Transgression and Divorce in Rock and Metal

Chair: Mark Spicer (Hunter College and CUNY Graduate Center)

  • Further Thoughts on the Melodic-Harmonic Divorce
    Drew Nobile (CUNY Graduate Center)
  • Sonic Transgression in Recent Extreme Metal Music
    Will Mason (Columbia University)
  • Program

    Further Thoughts on the Melodic-Harmonic Divorce

    It has been noted several times that the relationship of melody to harmony is looser in popular music than in common-practice tonal music—so much so that Allan Moore (1995) has dubbed this the “melodic-harmonic divorce.” Several studies mention the divorce, especially Temperley 2007, who attempts to enumerate the specific conditions under which the divorce occurs. What is missing from these studies, however, is a systematic method of interpreting the melodic-harmonic divorce: since the traditional rules of counterpoint do not apply in these situations, what processes, if any, are governing melodic and harmonic structure?

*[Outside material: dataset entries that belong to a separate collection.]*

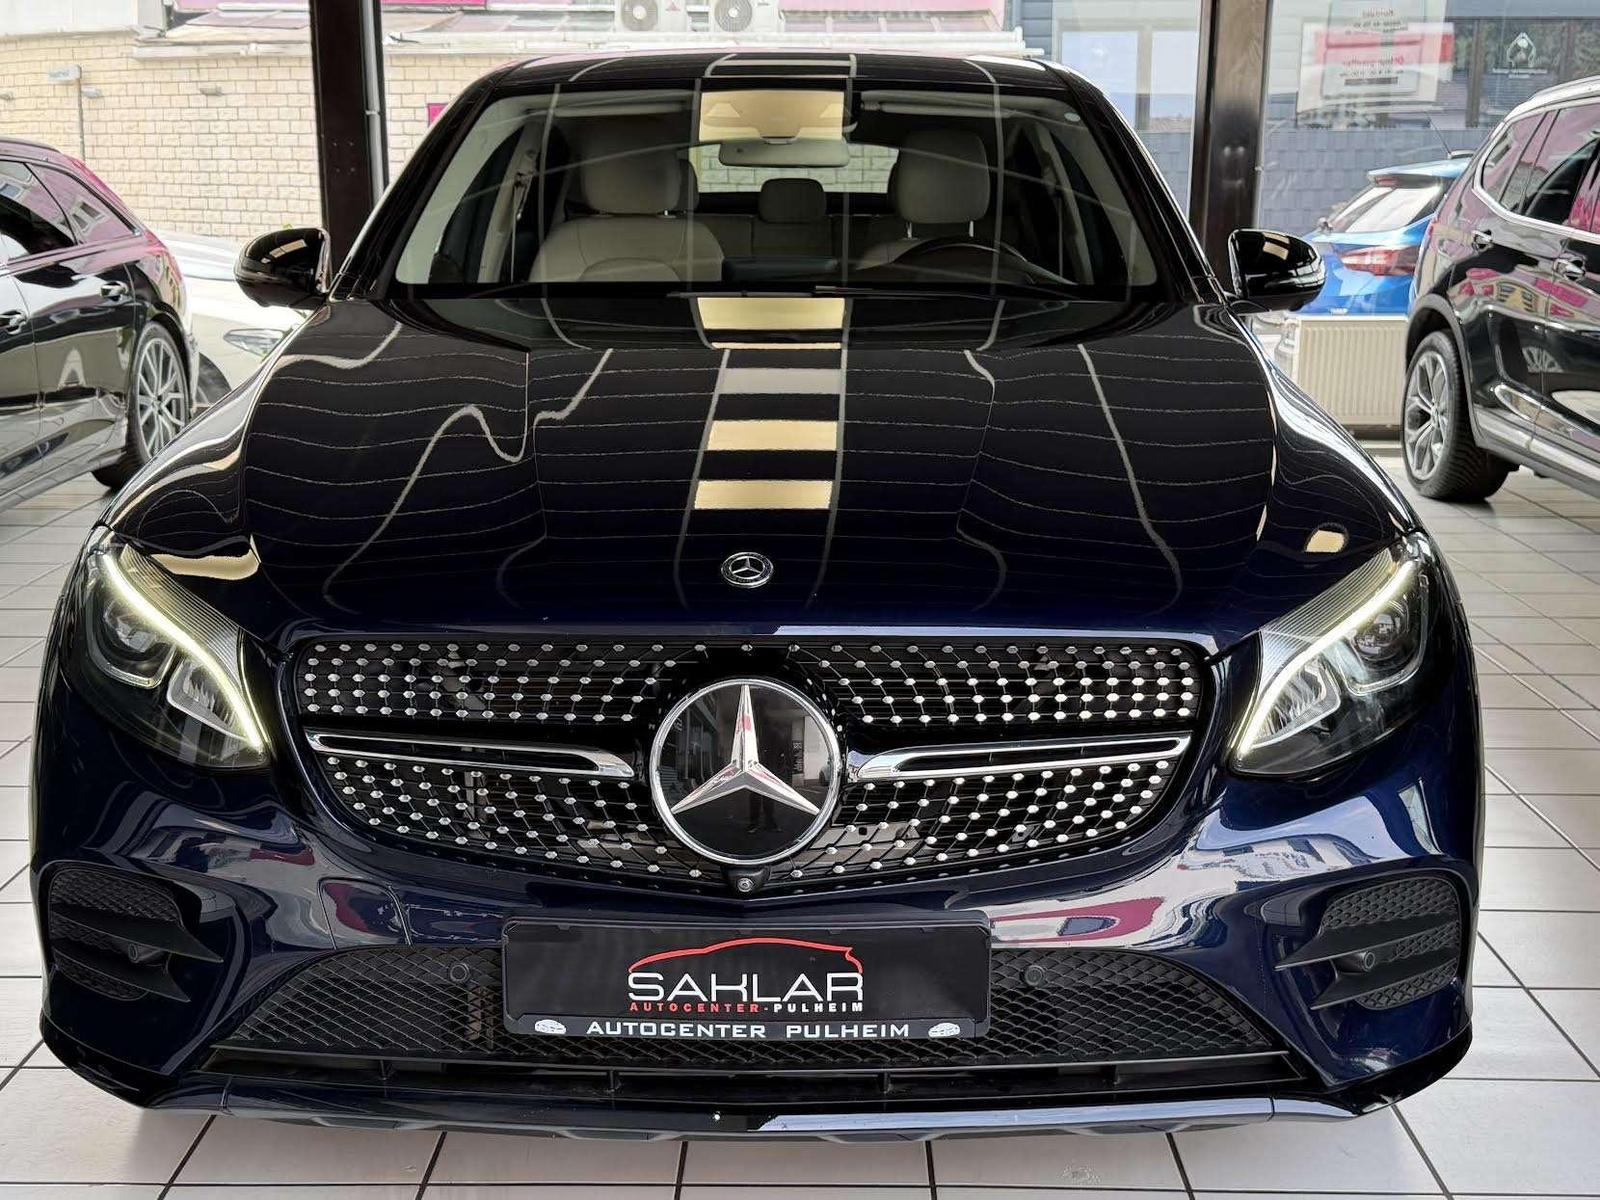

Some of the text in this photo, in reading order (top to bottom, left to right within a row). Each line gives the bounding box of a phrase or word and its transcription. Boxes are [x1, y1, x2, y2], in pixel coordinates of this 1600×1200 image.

[627, 972, 864, 1002] SAKLAR
[629, 1002, 863, 1013] AUTOCENTER-PULHEIM
[586, 1021, 910, 1039] AUTOCENTER PULHEIM
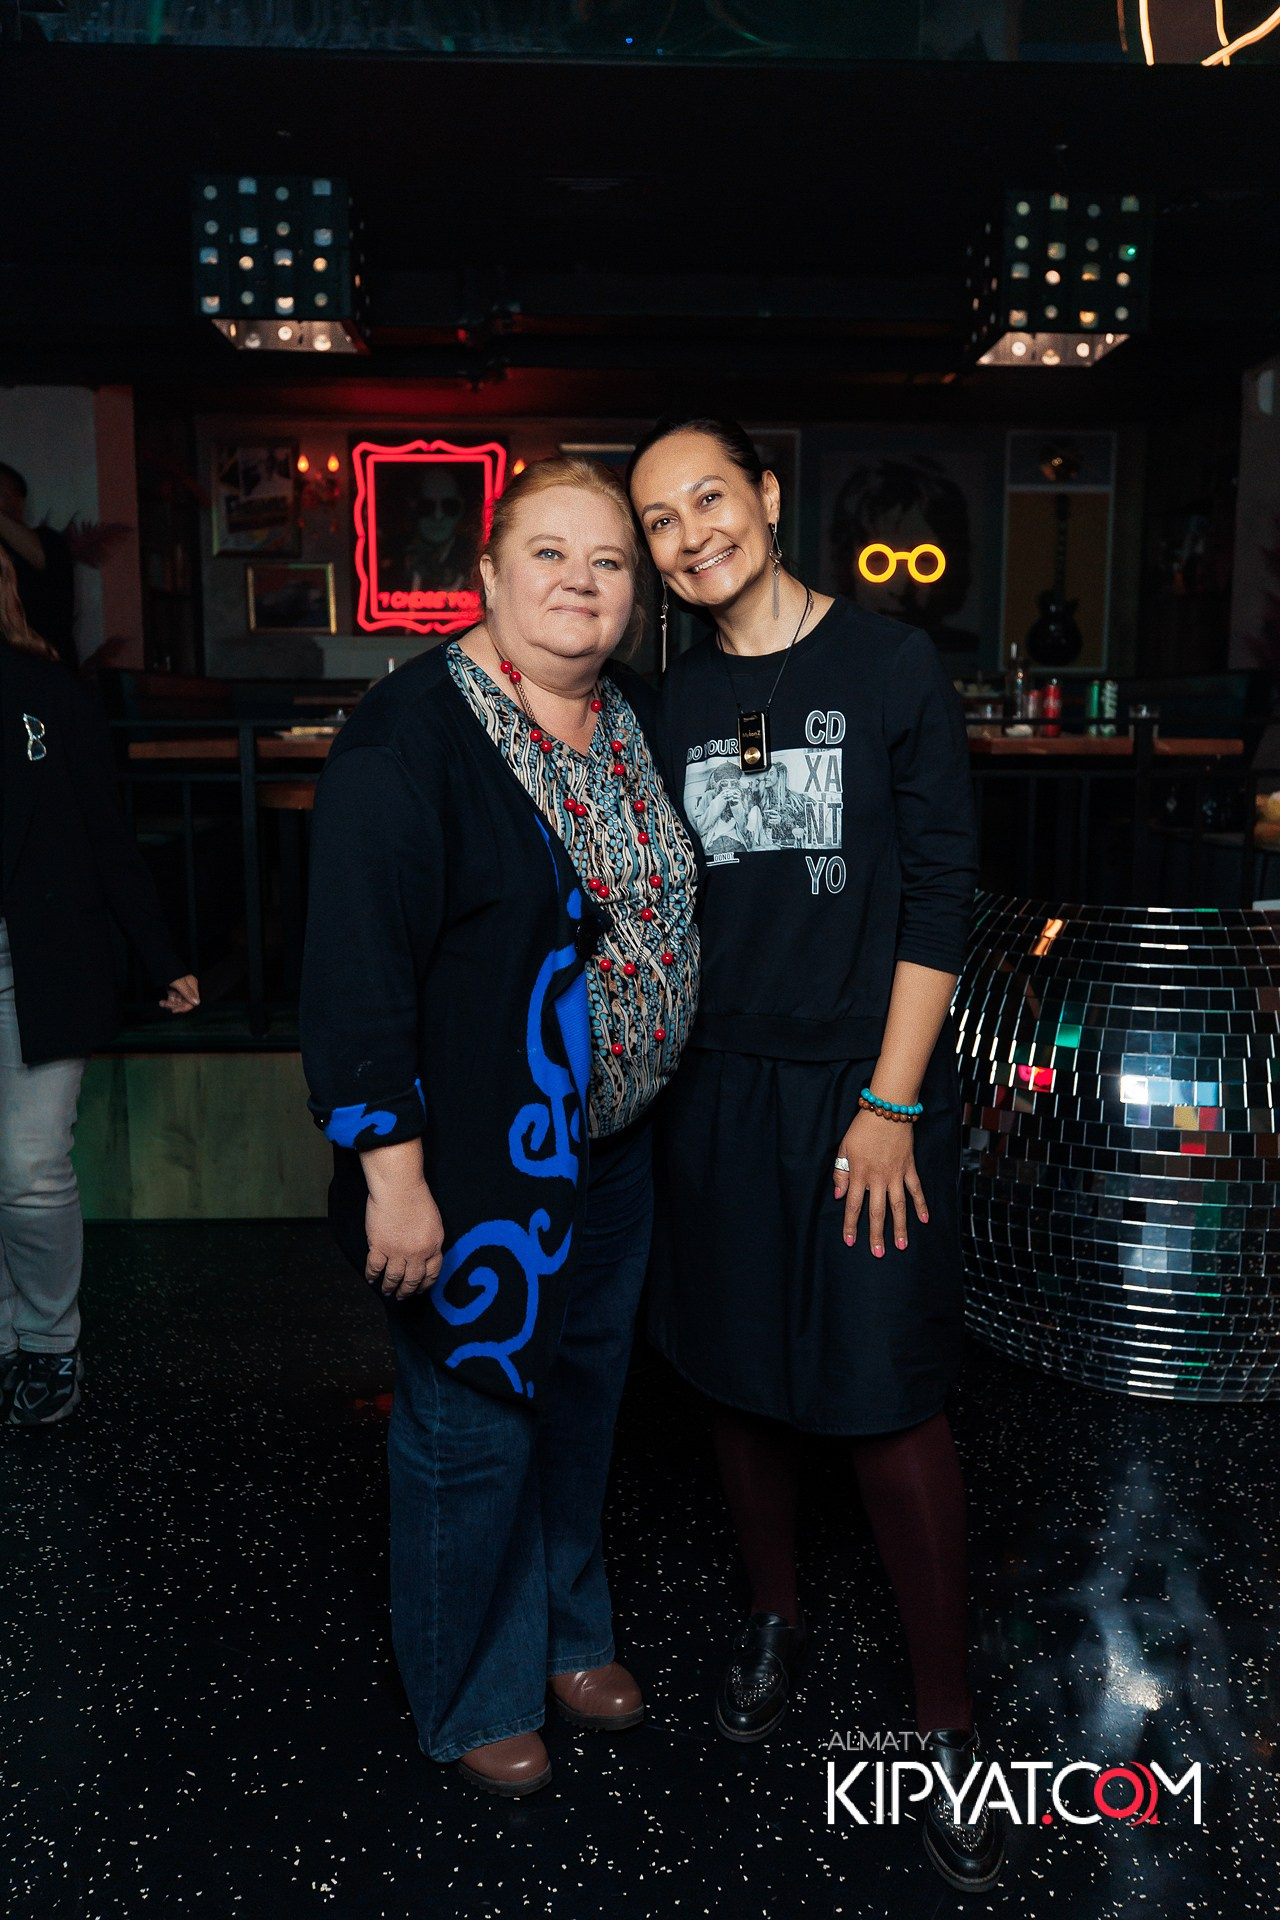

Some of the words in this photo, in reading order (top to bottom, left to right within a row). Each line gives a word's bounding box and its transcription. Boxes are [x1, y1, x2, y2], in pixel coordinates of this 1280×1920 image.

[805, 710, 846, 744] CD
[687, 745, 703, 763] DO
[804, 753, 844, 794] XA
[804, 802, 843, 846] NT
[805, 856, 847, 895] YO
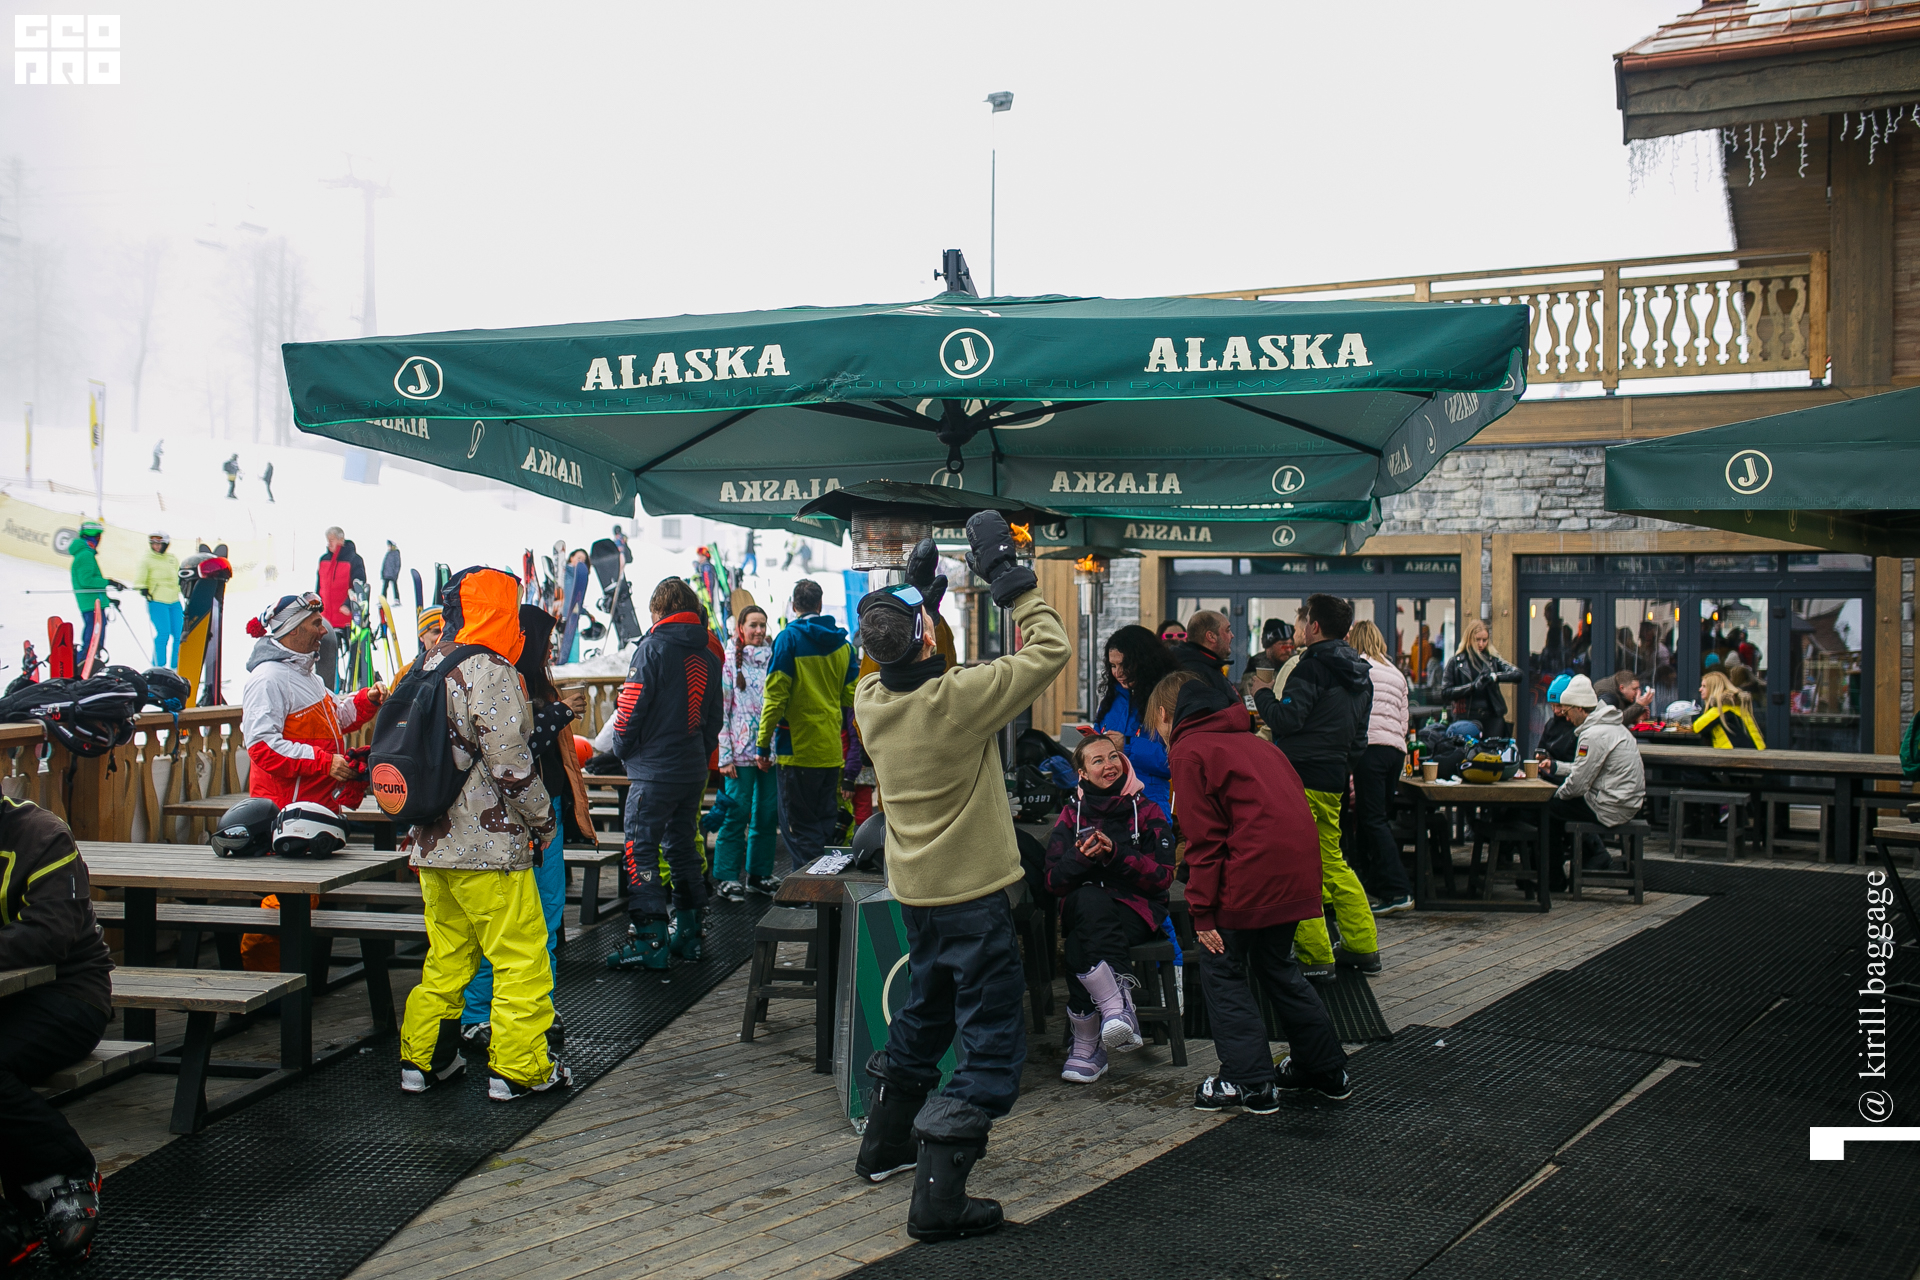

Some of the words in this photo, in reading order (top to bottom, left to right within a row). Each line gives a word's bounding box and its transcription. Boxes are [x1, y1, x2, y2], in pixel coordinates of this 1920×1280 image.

[581, 344, 790, 391] ALASKA
[1144, 333, 1373, 373] ALASKA
[978, 379, 1118, 390] ВРЕДИТ
[1130, 378, 1288, 391] ВАШЕМУ
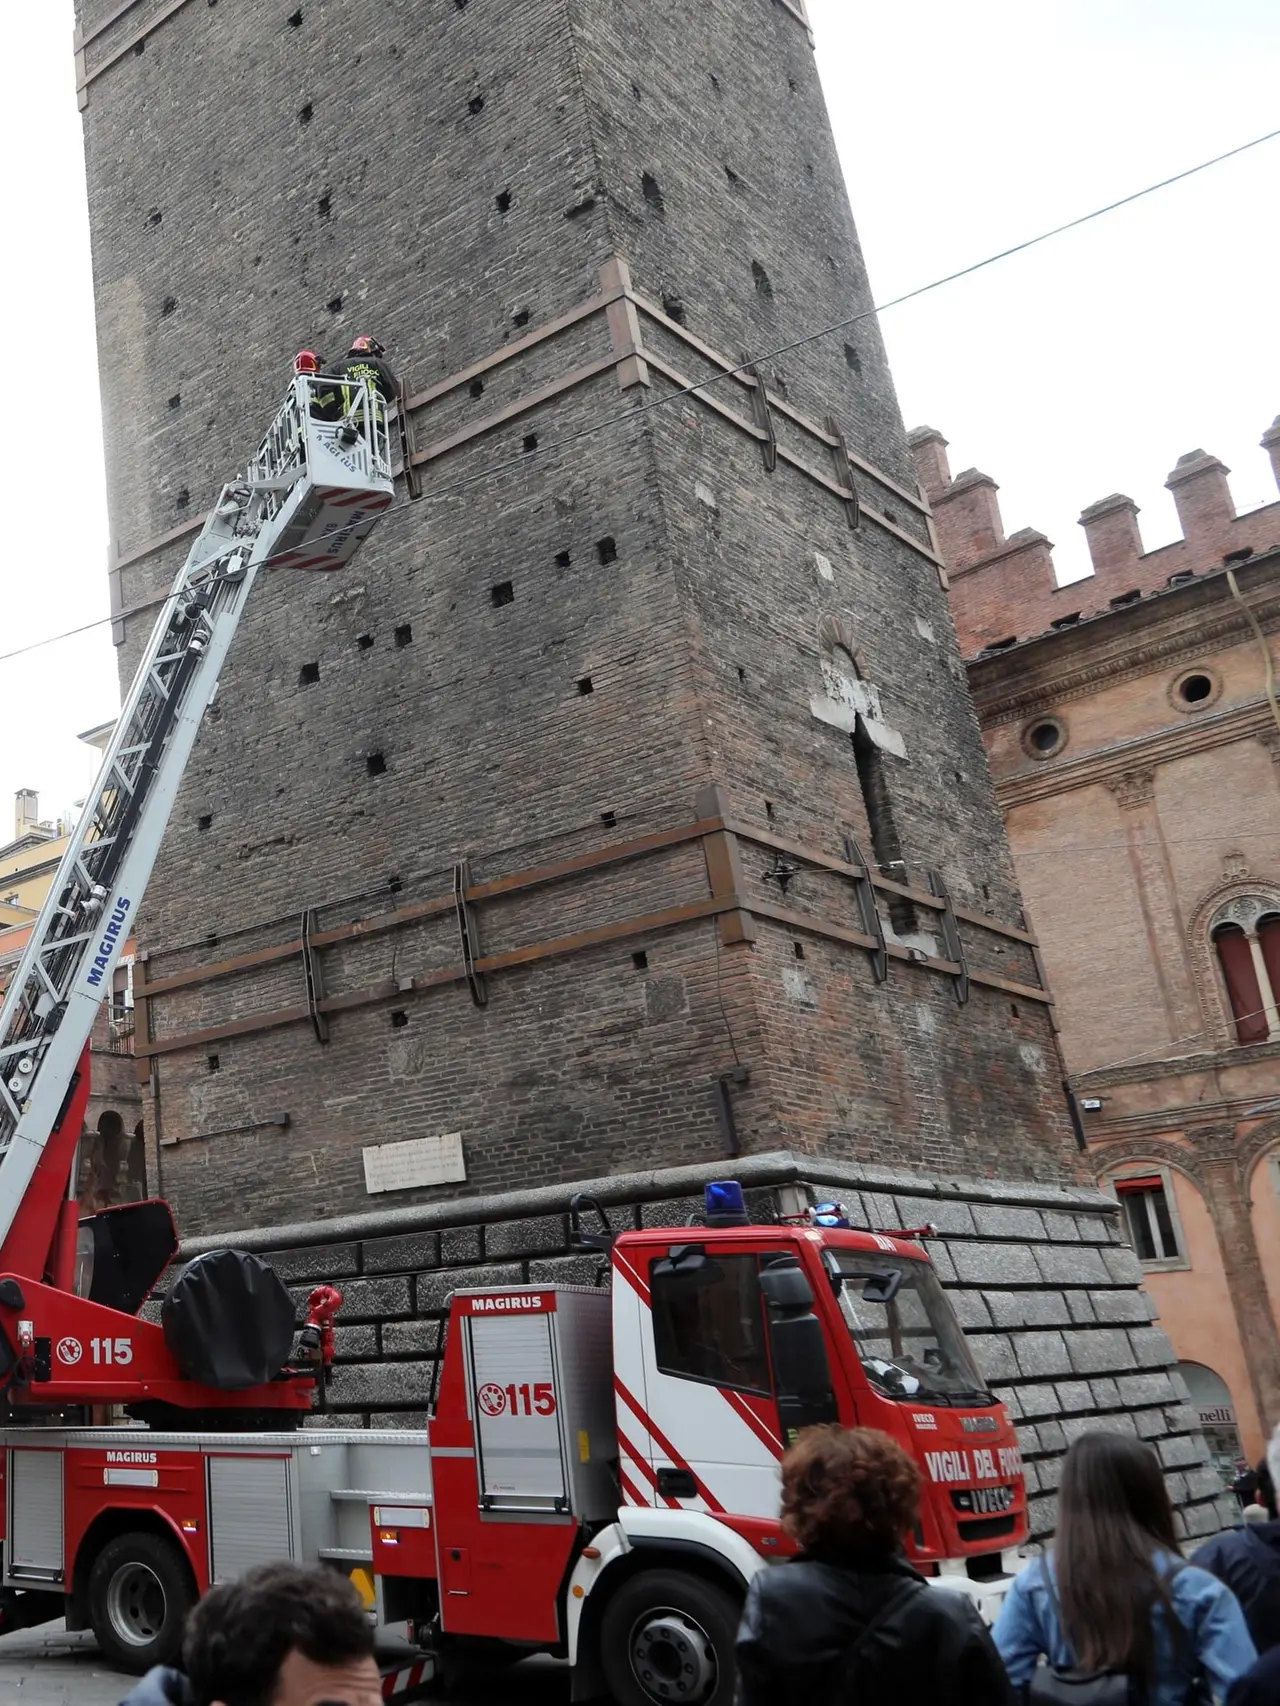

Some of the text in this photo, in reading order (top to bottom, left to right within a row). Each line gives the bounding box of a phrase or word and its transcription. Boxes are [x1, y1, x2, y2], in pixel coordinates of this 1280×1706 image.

[347, 363, 369, 373] VIGILI
[86, 896, 131, 987] MAGIRUS
[471, 1296, 542, 1311] MAGIRUS
[89, 1337, 133, 1365] 115
[505, 1383, 557, 1416] 115
[912, 1413, 936, 1423] IVECO
[106, 1451, 157, 1464] MAGIRUS
[924, 1450, 970, 1482] VIGILI
[972, 1448, 999, 1479] DEL
[969, 1486, 1013, 1515] IVECO

    To answer this question, I will outline three situations in which the melodic-harmonic divorce occurs and give a different voice-leading interpretation of each of these. In addition, I will demonstrate that melody and harmony often “remarry” at a significant moment of a song, such as the chorus (as Temperley suggests) or a cadence. This shows us that the divorce is not just a structural feature, but can have expressive effects as well.


    Sonic Transgression in Recent Extreme Metal Music

    This paper examines extreme metal music from the perspective of music cognition and rhythmic theory. Building off of recent extreme metal scholarship, including Kahn-Harris (2007), Pieslak (2007), Forshaw (2011), and Phillipov (2012), I demonstrate the overlap between the musical surface and structure of extreme metal, its cognitive impact on listeners, and the ideology of the extreme metal community. In his definition of extreme metal music, Kahn-Harris (2007) argues that what makes the genre of extreme metal so “extreme” is that it is transgressive, and he defines three sub-categories: sonically transgressive, discursively transgressive, and bodily transgressive. My paper applies ideas set out in London (2004), Lerdahl and Jackendoff (1983), Rothstein (1989), and Roeder (1994) to examine sonic transgression in extreme metal, which Kahn-Harris sketches only briefly and which are ultimately of secondary interest in his larger project. In particular, I deal with issues related to tempo and meter in the music of Dillinger Escape Plan, Vital Remains, and Liturgy, discussing the ways in which tempo and meter force us as listeners to engage with the upper limits of our faculties for metric detection, often causing some degree of physical discomfort by forcing us out of a comfort zone grounded in psychophysical preferences.